Chester and Peyser are obviously on to something. Test scores will predictably and dramatically decline, paving the way for more school take-overs, more charter schools, more terminations and more conversations about failing schools and failing teachers. All of this could be accomplished with one iron clad irrefutable assessment. Now that's progress!

Damage to be done

The fact that so much school time is already consumed prepping the kids for the MCAS is a stubborn fact, but one that we have already proven we can comfortably ignore or conceal. And this testing program would probably satisfy college presidents who seek tougher K-12 testing as a prerequisite for academic success in their institutions even though some of them lead schools that have either weak or non-existent admission requirements.

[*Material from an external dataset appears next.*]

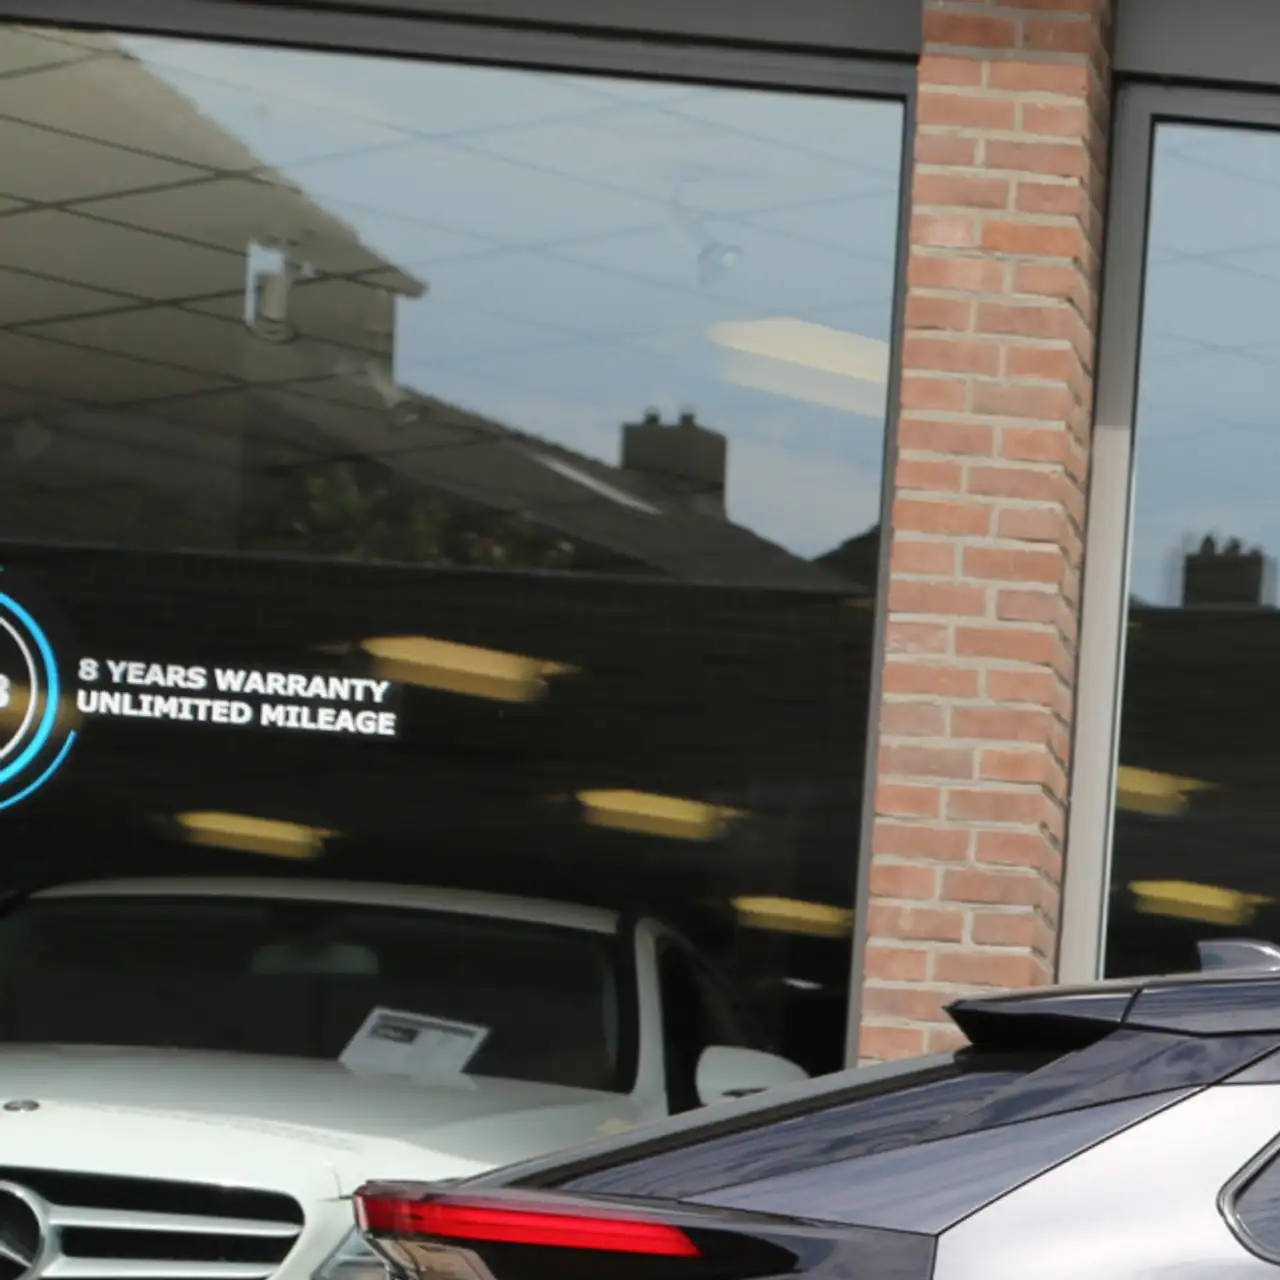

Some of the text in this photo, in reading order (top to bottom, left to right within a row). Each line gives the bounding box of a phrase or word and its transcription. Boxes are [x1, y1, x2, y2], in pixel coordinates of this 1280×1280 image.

[78, 658, 391, 703] 8 YEARS WARRANTY
[76, 690, 397, 735] UNLIMITED MILEAGE

I can see their point. It would be much easier and far more profitable for their institutions to keep their classrooms fully occupied and leave it to others to take responsibility for tougher standards.

Whether it is MCAS HEAVY or PARCC LIGHT or simply MCAS 2.0, bring it! There is still important damage to do. With a new, tougher, far more comprehensive high stakes test, advocates, unencumbered by an understanding of the actual impact of these tests, will insist that more students will qualify to PARCC their cars in Harvard Yard.

Edward Udel was a long-time teacher in the Pittsfield Public School System and former chairman of the Taconic English Department.